Ghost storeys: Will Kate feel trapped in Diana's prison at Kensington Palace?

By RICHARD KAY and GEOFFREY LEVY

New home: The Duke and Duchess of Cambridge will move in to an apartment at Kensington Palace next month - one of the former homes of William's mother Diana


They will, of course, be waiting — just as they were always waiting relentlessly for Princess Diana when she lived there. For the paparazzi, it will be like old times when Prince William takes Kate to live in Kensington Palace later this month.

This palace, so perfect for the paps because of its high accessibility on all sides, is still resonant of Diana’s unhappy years inside its walls and of that lake of flowers which magically appeared at its front gates after her death almost 14 years ago.

One has to wonder just how deeply Prince William considered the implications of moving into the one royal address that is so personally associated with his mother — and which royal staff really do consider to be ‘unlucky’.

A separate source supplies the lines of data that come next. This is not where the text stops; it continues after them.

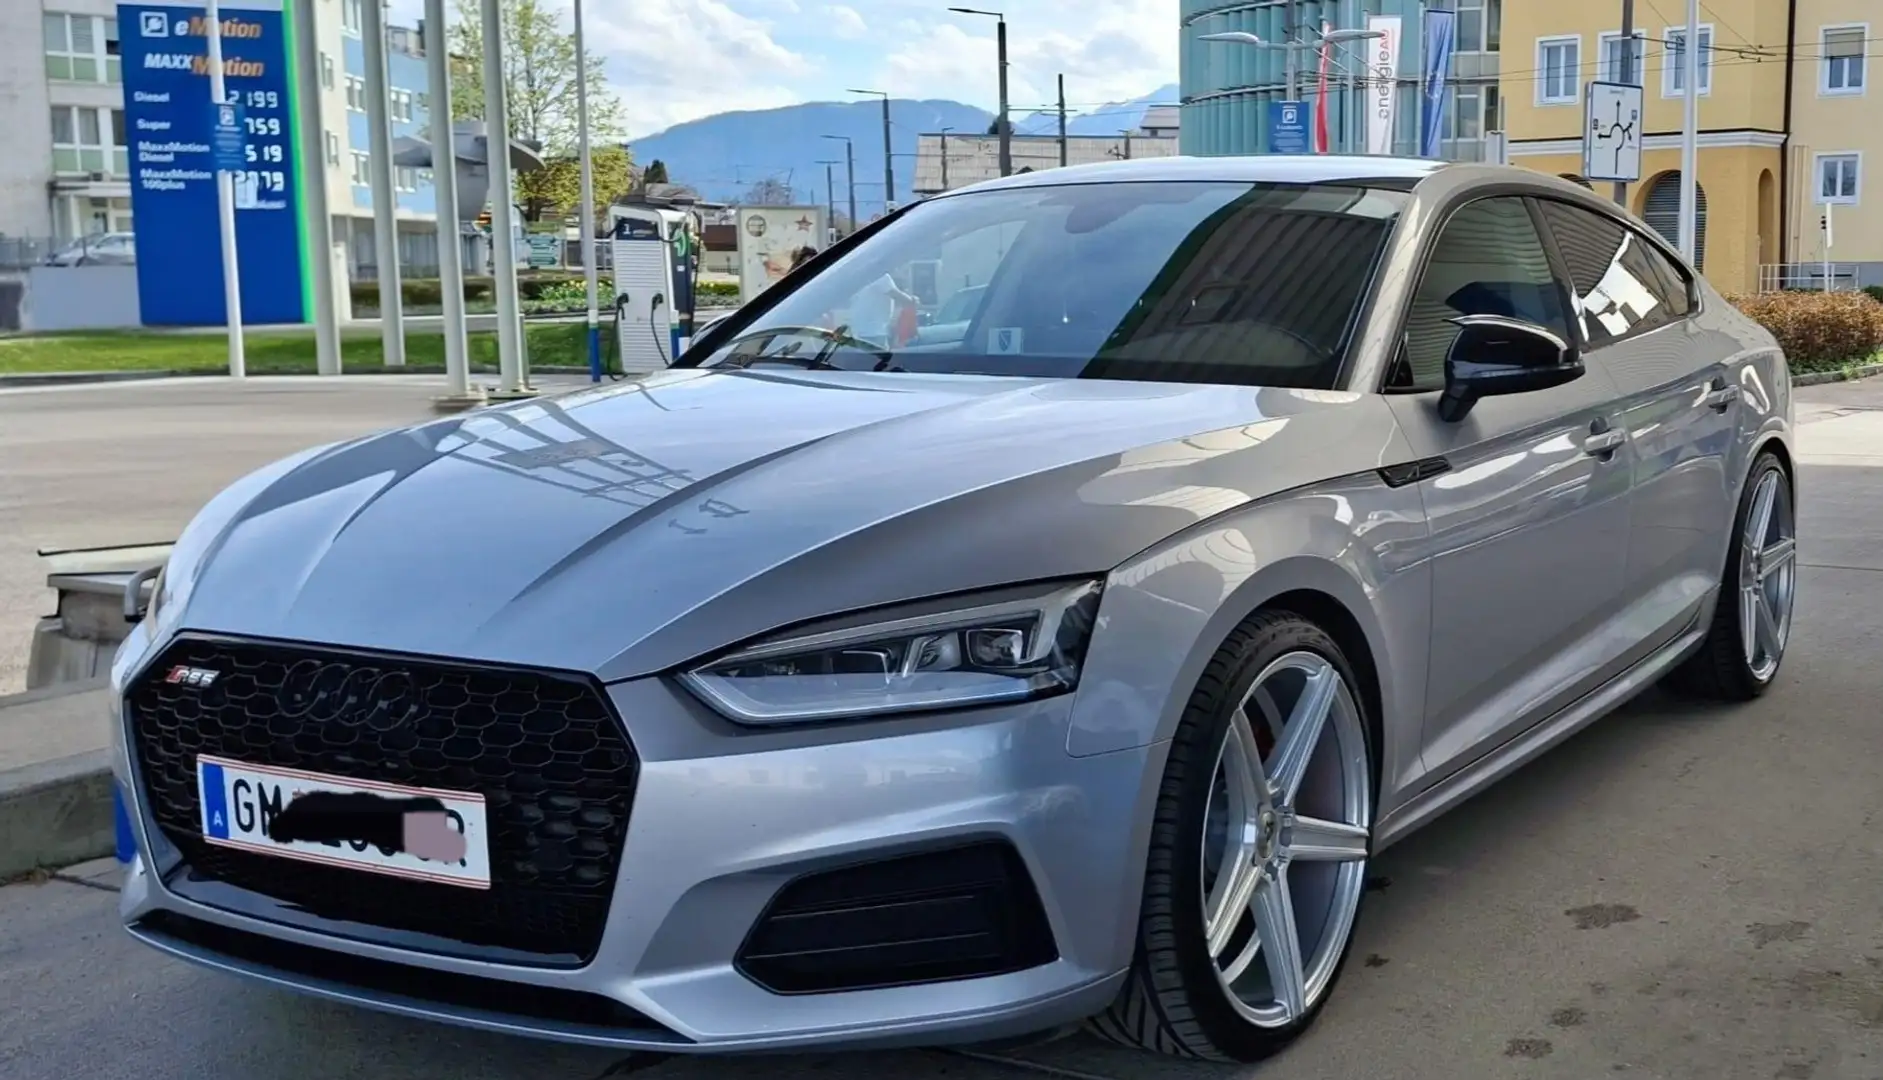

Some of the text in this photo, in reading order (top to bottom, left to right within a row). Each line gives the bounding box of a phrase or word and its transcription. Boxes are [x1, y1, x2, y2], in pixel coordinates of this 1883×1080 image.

[174, 16, 262, 38] eMtion
[144, 53, 265, 77] MAXXMtion
[134, 91, 170, 102] Diesel
[136, 118, 171, 131] Super
[138, 152, 174, 162] Diesel
[213, 812, 223, 827] A

Clearly, the Duke of Cambridge is not quite the cautious young man that he seems. First, there was his emotional decision to give Kate his mother’s famous sapphire and diamond engagement ring — for many, a permanent symbol of Diana’s unhappiness.

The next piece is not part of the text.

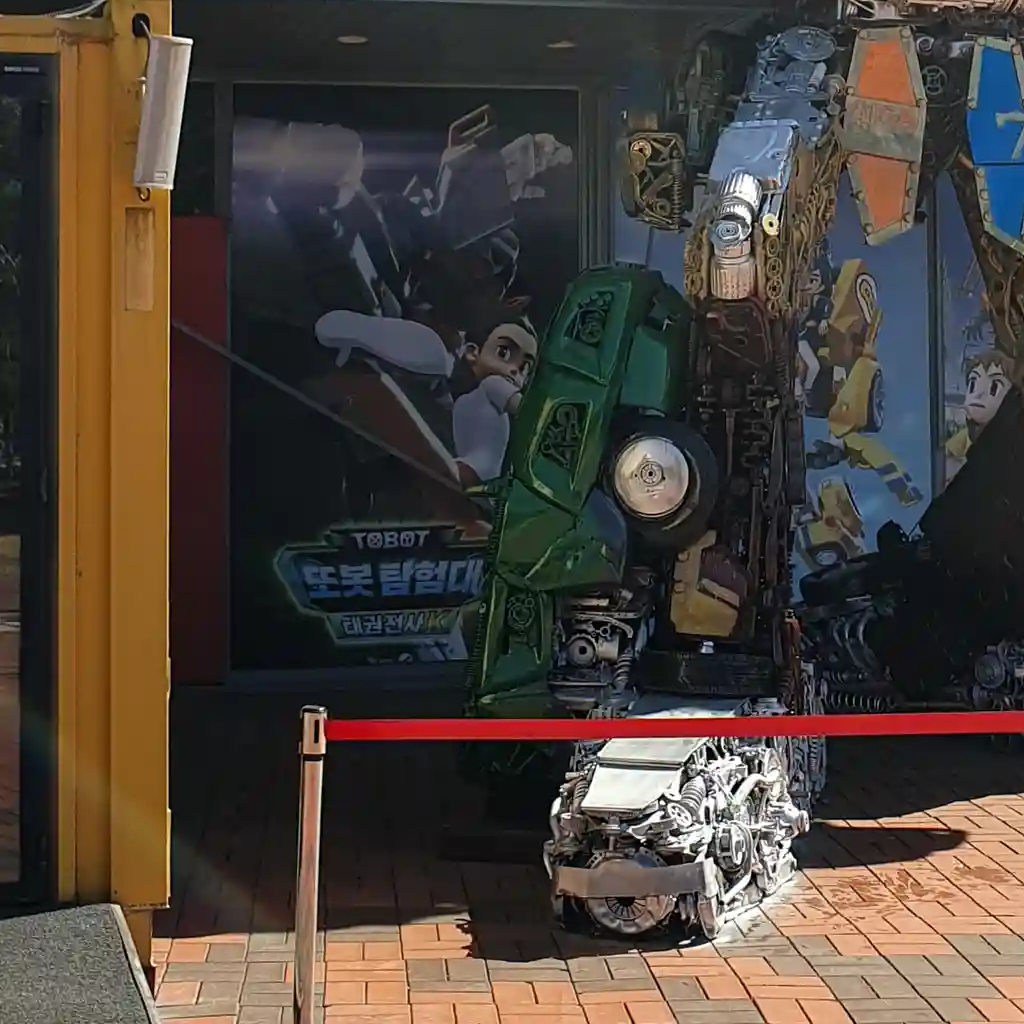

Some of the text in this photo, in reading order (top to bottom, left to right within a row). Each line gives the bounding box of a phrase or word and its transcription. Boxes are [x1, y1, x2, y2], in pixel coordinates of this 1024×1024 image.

[352, 530, 430, 550] TOBOT
[302, 557, 485, 598] 또봇 탐험대

Now, he moves his bride into Kensington Palace, where every time she tries to slip away to the shops on Kensington High Street — just as Diana loved doing — there will be inevitable comparisons with the mother-in-law she never knew.

To Diana, ‘KP’, as she called it, came to be ‘more prison than palace’.

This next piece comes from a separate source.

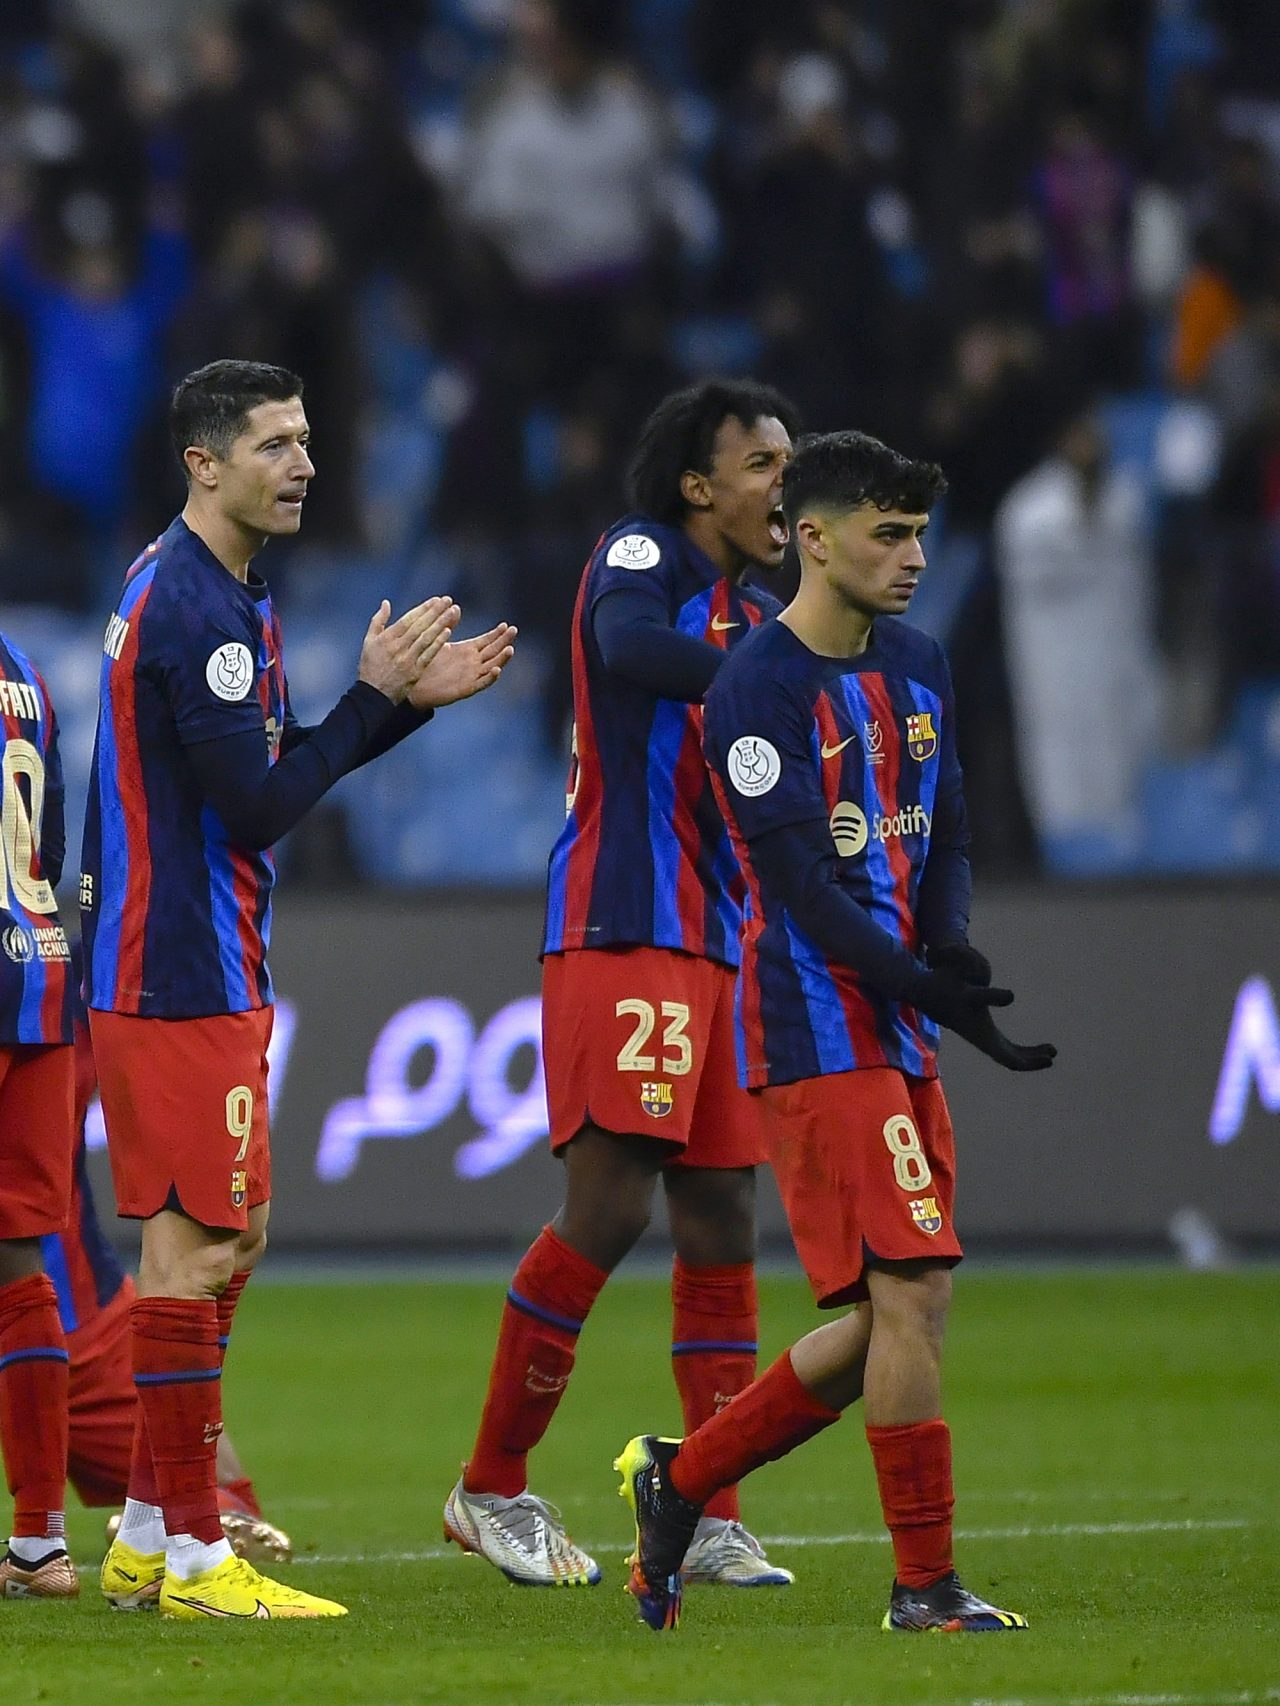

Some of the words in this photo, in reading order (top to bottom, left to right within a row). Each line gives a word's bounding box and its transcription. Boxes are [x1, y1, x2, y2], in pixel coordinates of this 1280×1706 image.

[872, 805, 932, 844] Spotify
[615, 998, 693, 1076] 23
[225, 1085, 253, 1162] 9
[882, 1113, 932, 1192] 8

To Kate, moving there will be the moment she really begins to understand what her royal life is going to be.

So why make their lives there?



Happy time: William may want to move into Kensington Palace because of fond memories he has of his early childhood before his parents' marital problems


Let’s look at the options. Clarence House was briefly considered because that is where William has been sharing an apartment with his brother, Harry. At least, it was considered until the Duchess of Cornwall, in her light but decisive manner, declared: ‘There’s no room here.’

Then there was St James’s Palace next door, where William has his office. But he did not want to live there because, as a friend of his says, it is ‘rather gloomy’.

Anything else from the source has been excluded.